Symptoms and Signs of Binge Eating Disorders
Turner noted the amount of interference food causes in your life can be a warning sign for an eating disorder. If you are consumed with food—always wondering when you’re going to eat, what you are going to eat, how you’re going to burn the food off later—you might be at risk. Yo-yo dieting and feeling obsessed with being a certain weight or fitting a certain body standard can be both a cause and a symptom of the disorder.
Another sign of BEDs are avoiding social situations and eating meals in secret. BEDs are related to mental health problems and low self-esteem, which can be isolating and lead to secret binge episodes. Binge eaters will often seek out time in their schedule where they know they will be alone, and plan an episode. They also are likely to hoard food and hide it in particular places.
Getting most of your calorie intake at night can also lead to, or be a result of, a binge eating disorder. Restricting your calories too much in the day time can lead to binges later. Nighttime is also when one is likely to be alone and save their calories for an episode.
Consequences of Binge Eating Disorders
Besides weight gain, there’s a host of issues associated with eating disorders that can make a lasting impact on your health.
Physically, binge eating disorders can lead to weight cycling, as the intense ups and downs of calorie intake can make it difficult to maintain a healthy weight and healthy relationship with food. Binge eating can cause one’s body to become insulin resistant, increasing the risk for type 2 diabetes. It can also create gastrointestinal issues, ranging from constipation, to a stomach rupture.

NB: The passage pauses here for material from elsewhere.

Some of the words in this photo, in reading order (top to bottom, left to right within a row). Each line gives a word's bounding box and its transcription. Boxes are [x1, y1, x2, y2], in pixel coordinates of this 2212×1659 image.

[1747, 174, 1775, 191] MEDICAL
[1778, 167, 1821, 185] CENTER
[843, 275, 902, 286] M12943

Since a majority of those with binge eating disorder are overweight or obese, this also leads to a risk for menstrual and fertility problems, certain types of cancers, gallbladder disease, and heart problems.
Binge eating disorders can also come with serious emotional consequences. One can easily lose their confidence, desire to thrive and succeed, and develop mental health conditions. These disorders are often part of a coping mechanism for a mental or emotional health problem and are likely to exacerbate the issue.

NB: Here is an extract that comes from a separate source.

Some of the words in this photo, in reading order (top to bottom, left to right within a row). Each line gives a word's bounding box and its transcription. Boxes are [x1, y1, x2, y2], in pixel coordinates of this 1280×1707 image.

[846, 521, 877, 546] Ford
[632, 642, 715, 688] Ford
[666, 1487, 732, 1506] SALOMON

Ways to Overcome Binge Eating
Turner suffered in silence for years and found the cornerstone of recovery is talk therapy. She advises speaking with a licensed mental health professional who is trained or an expert in BEDs specifically. Turner said those who aren’t well-versed in binge eating disorders often assume it is just the opposite of anorexia, and that restrictive weight-loss treatments are the best way to go. Unfortunately, that can sometimes intensify the disorder, causing more frustration over weight.
While everyone is different, Turner said there are trigger foods, situations, and even relationships which may need to be avoided until recovered from treatment (or even permanently). She had to address our culture’s weight stigma and the pain associated with being “the wrong weight” before she could fully recover. Turner practiced listening to what her body needed, hunger cues, and body acceptance to achieve freedom from the impulses causing her to binge eat.
If you think you may have binge eating disorder, or another form of an eating disorder, you can utilize NEDA’s screening tool with prompted questions to help you determine. You can also call the NEDA hotline at 1-800-931-2237.